Let’s start with a question…
Who was lucky enough to score Oasis tickets?
Few did, I suspect, despite spending the release day trying to breach the defences of highly stressed ticketing websites. And for those who got to a “buy tickets” page, did you end up paying the price you expected? Or did you walk away with a better understanding of “dynamic pricing” and simmering anger?
All that effort and cost to see if the Gallagher brothers can get through a show without coming to blows.
However, these “must-see” events have, to bitter effect, highlighted the insidious practice of dynamic pricing (DP). But this sales tactic is far from new. Commodities like petrol, electricity, and beach holidays have been subject to it for years.
DP explains why the price of an Uber ride goes up considerably at pub closing time. And let’s not mention the now inflated cost of a Manchester hotel room when the Burnage brothers arrive in town next year.
The difference in the modern tech age is that as we mediate so much of our commerce via online apps and websites, the clever algorithms driving them can see higher demand and change prices “dynamically.” That’s why the cost of that concert ticket suddenly skyrockets while you’re mid-refresh? And we can expect this practice in many more sectors as they acquire the tech to do it for them.
It’s worth looking closer at this pricing model to see if it’s something we can apply (ethically) in our businesses. Before I get going, remember it’s a fine line in the consumer’s mind between paying extra for a scarce resource and cynical “price gouging”.
I don’t think the Oasis organisation fully appreciated that.
What the Heck is Dynamic Pricing Anyway?
Wikipedia dryly defines this practice as:
“A revenue management pricing strategy in which businesses set flexible prices for products or services based on current market demands. It usually entails raising prices during periods of peak demand and lowering prices during periods of low demand.”

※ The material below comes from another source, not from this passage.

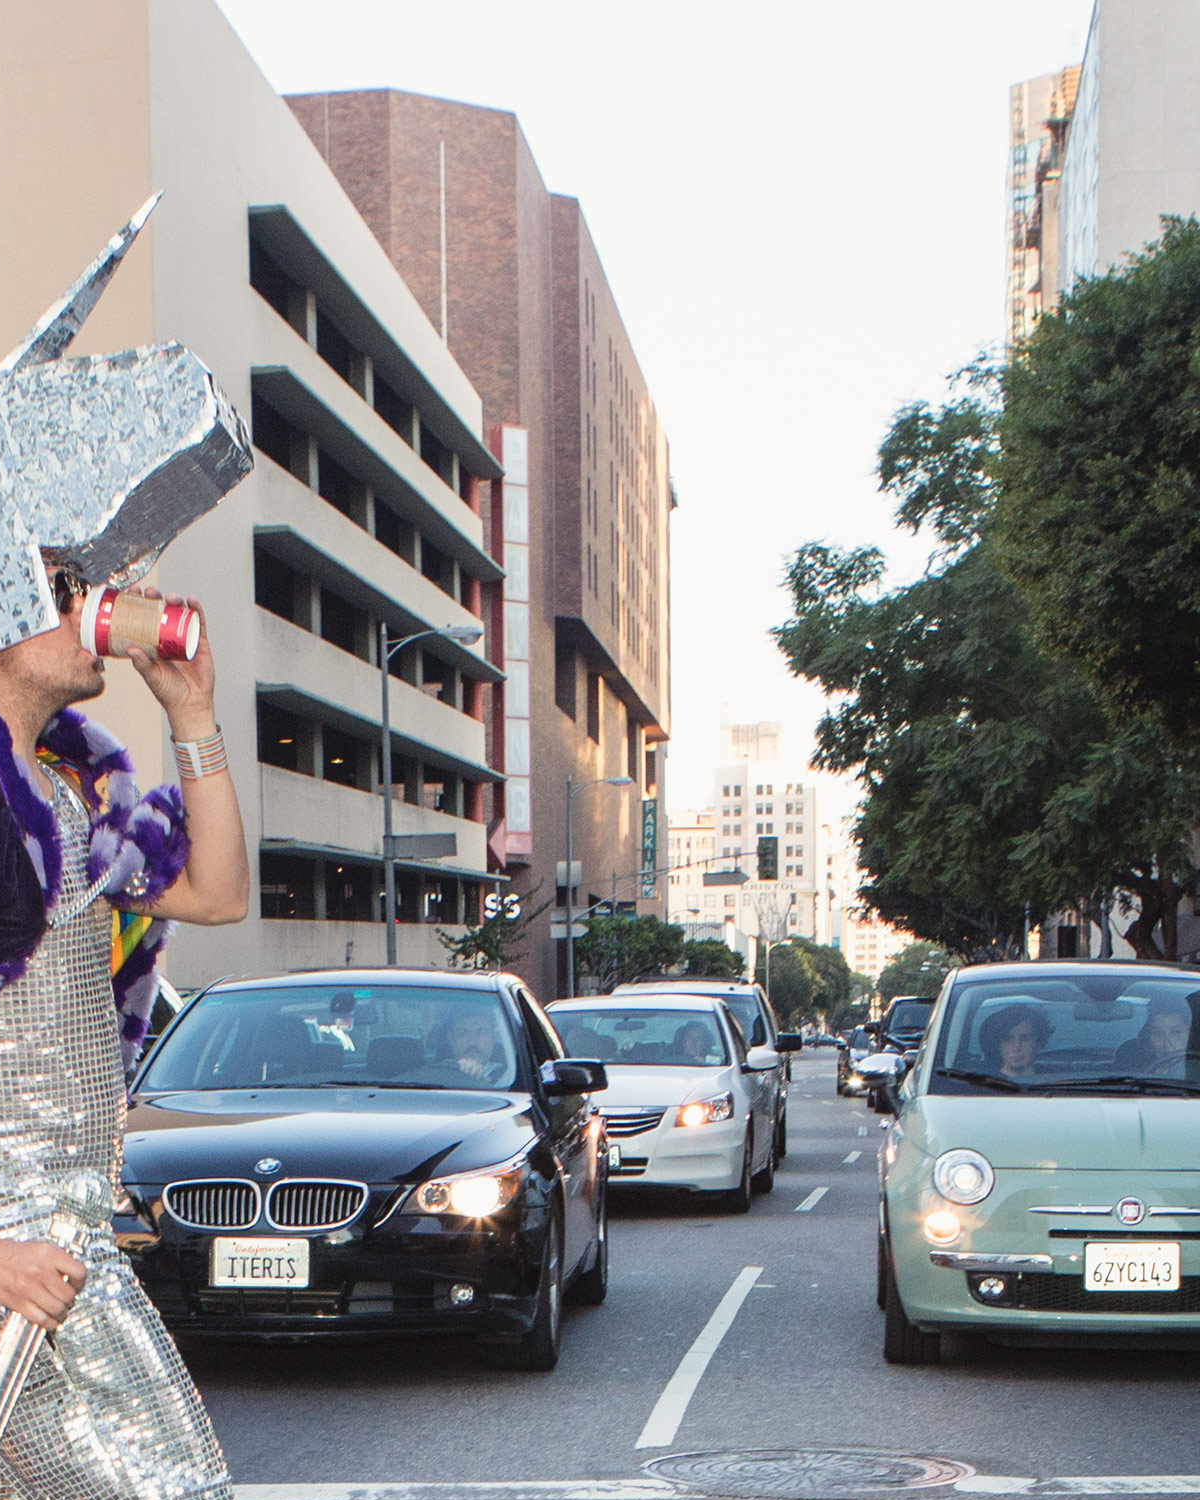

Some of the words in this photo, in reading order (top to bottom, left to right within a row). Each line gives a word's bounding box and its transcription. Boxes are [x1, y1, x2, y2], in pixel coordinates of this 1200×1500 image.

[644, 801, 655, 884] PARKING
[227, 1257, 297, 1279] ITERIS
[1093, 1262, 1172, 1282] 6ZYC143

That’s why we see ever-changing prices based on how much people want something and how much is available.
This is economics red in tooth and claw, a free market functioning uber-rationally, as it were. You’ll also note prices can reduce as well as supersonically inflate, so dynamic pricing is not always a panacea for price-gouging capitalist evils. However, at its core, it’s a deliberate pricing strategy designed to meet business goals.
One thing’s for sure. When applied well, there’s nothing random about DP.
So, How Does This Madness Work?
In simple terms, it’s the perfect expression of supply and demand. When something’s in high demand, prices go up. When nobody wants it, prices tumble.
Remember petrol prices during the pandemic?
Add complex algorithms and monitor your data like a hawk with night vision goggles, and DP becomes a cakewalk. Businesses, especially exclusively online ones, can use this to adjust prices on the fly as and when needed to maximise their profits or offload inventory.
The difference today is that, as we saw with Oasis, we can see it happen in real-time, and maybe we feel cheated. One thing’s for sure: DP is here to stay and will grow in popularity. Damn you, Noel and Liam.
Real-Life Examples That May Have Already Stung You
Ever notice how that flight you were researching for your trip seemed great value, but by the time you booked it, you were paying much more? Ryanair is an expert in this pricing strategy. Yes, Ryanair offers super cheap flights, but these become distressingly scarce when you need them most, like at Christmas or school holidays. Indeed, you could find better fares elsewhere.
Pricier fast food is on the way, maybe. US Burger chain Wendy’s has been experimenting with DP to see how it can be applied in its outlets. They claim it’s not to charge higher prices but to drive demand during quieter periods. Maybe that’s a good thing, but do you think it won’t ultimately nudge up prices when the big match starts on TV? No, me neither.
Fuel prices. We have been experiencing this for years, with prices going up or down based on the volatility of crude oil supply, mainly at the whim of OPEC members. Of course, technology has speeded this process up, but in the pre-internet days, a phone call or fax worked just as effectively.
Reasons To Be Dynamic
So far, my tone is rather negative, but as I’ve hinted, there can be some pro-business, pro-consumer uses of DP. Retail businesses can adjust real-time prices to clear slow-moving or time-limited inventory and derive some profits from the position. Modern predictive technology allows this to happen expediently and efficiently.
DP’s technological tools can help any business with its promotions and implement time-limited offers or periods of discounting, such as the inevitable Black Friday or Boxing Day sales.
DP can help specialist businesses allocate sales resources more simply and efficiently, attracting only buyers who can afford their unique goods or services. DP helps niche businesses apply the adage, “If you need to ask the price, you can’t afford it.”
Dynamically Terrible
If you turn the DP button to 11, expect client exasperation and confusion. We all need a modicum of predictability in our lives. If you put them on a roller coaster of wildly fluctuating prices, you’ll see their goodwill disappear like a magician’s rabbit. One minute, it’s cheap; the next, it’s not. One minute, you have a potential client; the next…
DP can quickly spin up a comms nightmare. Just like Ticketmaster, you might find your PR machine going into overdrive as you try vainly to explain to customers why prices keep changing. With these extra costs, you might be in a zero-sum game and have a severely burnt-out customer service team to boot.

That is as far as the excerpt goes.